Short-term business goals and marketing strategies range from increasing sales by 20% a month to hosting events to successfully advertising a promotion. Short-term goals are the ones that you want to accomplish in 6 months or less. These goals generally make it from start to finish in a matter of days, weeks, or months.
Short term goals for a business are actionable and have the advantage of being flexible. If one short-term goal isn’t working, you can change or tweak your strategy to try something new and see more results. You can more easily judge the success of your short-term marketing objectives with things like email reports or tracking results through tracked links.
To get a head start on your short-term planning, here are some examples below of short-term goals for a business and how you can implement them.

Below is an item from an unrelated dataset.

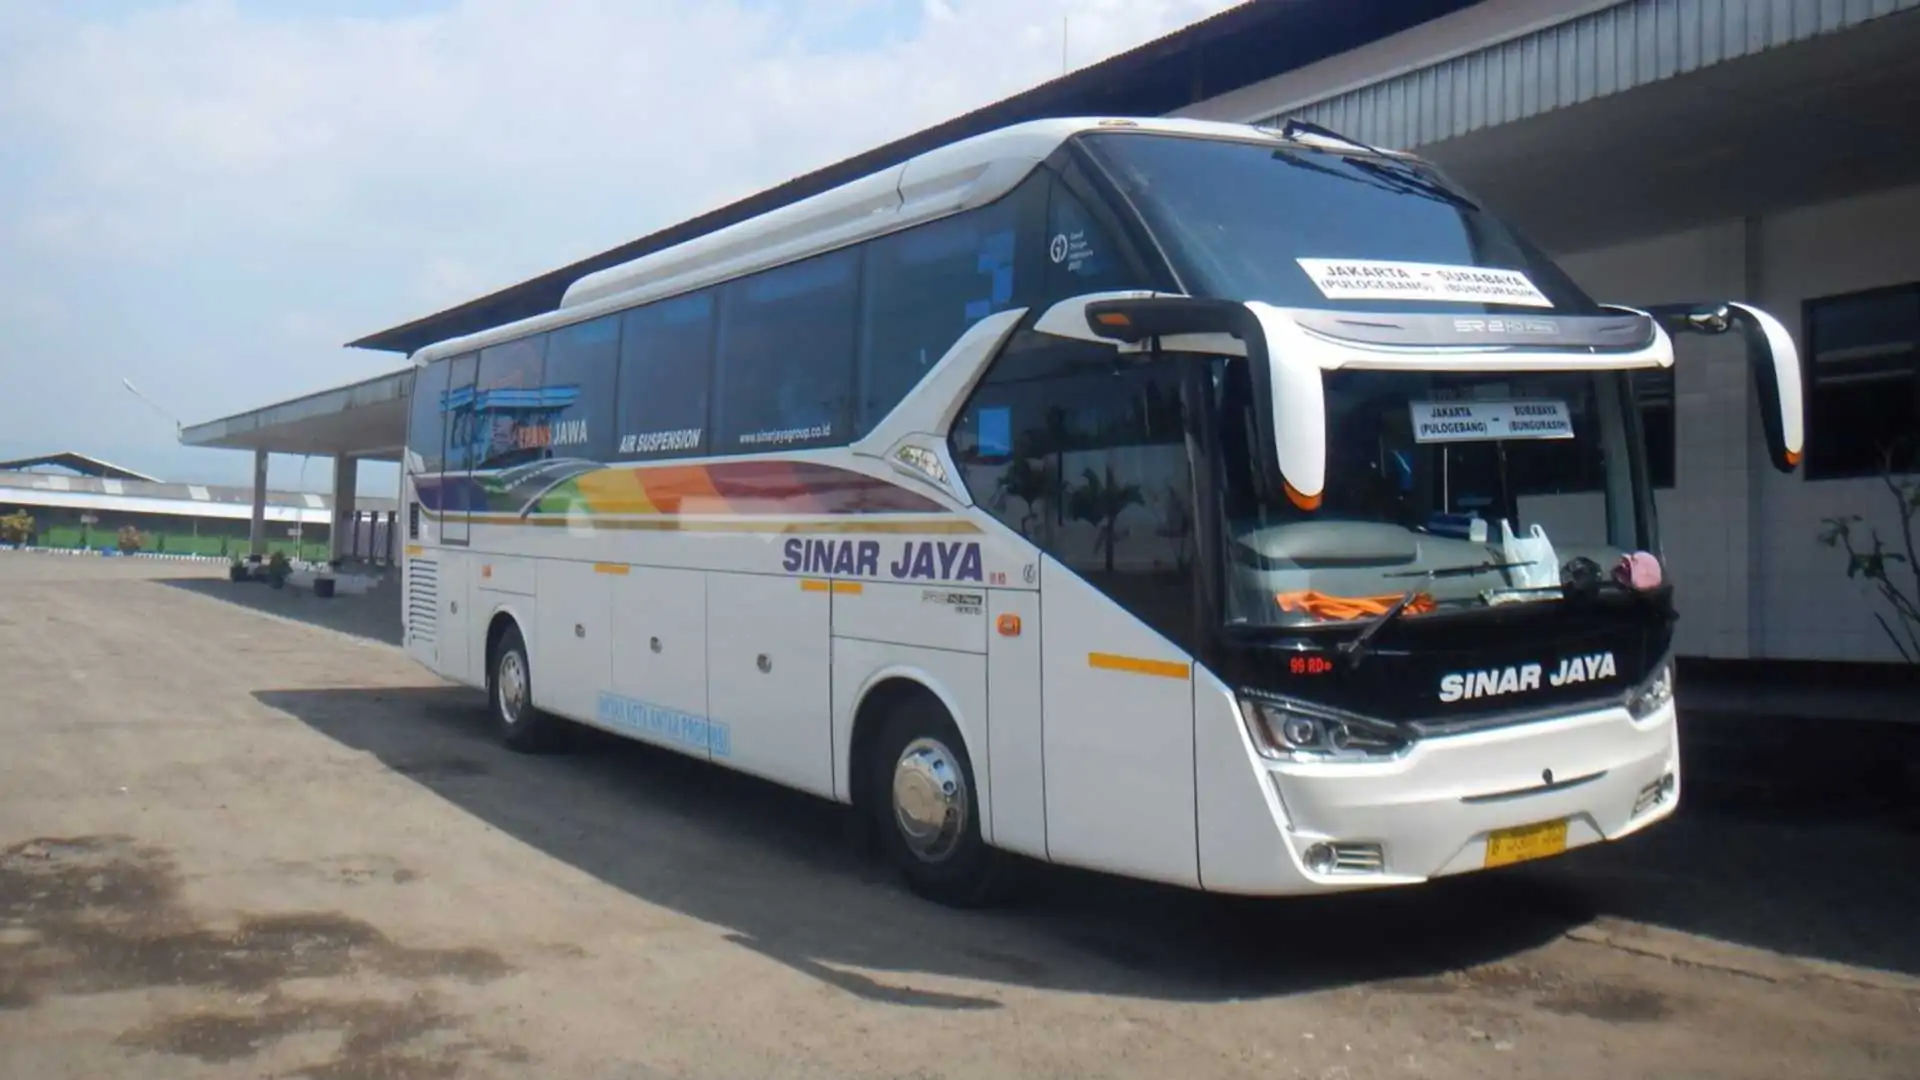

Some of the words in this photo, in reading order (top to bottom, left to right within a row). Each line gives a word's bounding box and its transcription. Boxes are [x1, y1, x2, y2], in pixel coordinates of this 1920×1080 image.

Having a healthy number of followers on various social media platforms supports a myriad of business initiatives and is an easy metric to quantify.
Start optimizing your posts by using keywords related to your business and be sure you’re using each social media platform in a unique way. Posting identical information on your Facebook, Twitter and Instagram will get old, fast.
Designating each platform to a specific objective will help with this. For instance, use Facebook to promote events and promotions, Instagram to showcase your product and the people who use it and Twitter to connect on a personal level with your followers (Twitter is much better at fostering direct interaction).
Another short-term business goal would be to successfully host and promote an event. This could be measured in a few ways, depending on what you’re wanting to get out of it.
Knowing even only these three things after an event will clue you in as to whether or not people are perceiving any value in attending or if you’re new promoting technique is either lackluster or killing it!
Running a contest via social media helps your customer feel like they have direct contact with your business and can bring in new customers and clients. Social media contests are a very short-term business goal because most contests run for just a week. If growing your client base or social media presence is on your radar, social media contests, like Facebook contests and Instagram giveaways, can help you get there.
Organizing a Facebook or Instagram giveaway for your social media followers creates additional interaction with the consumer and allows you to flex a little extra marketing muscle. A social media contest can help you promote a sale, build your email database or just earn your brand some extra “cool-company” points!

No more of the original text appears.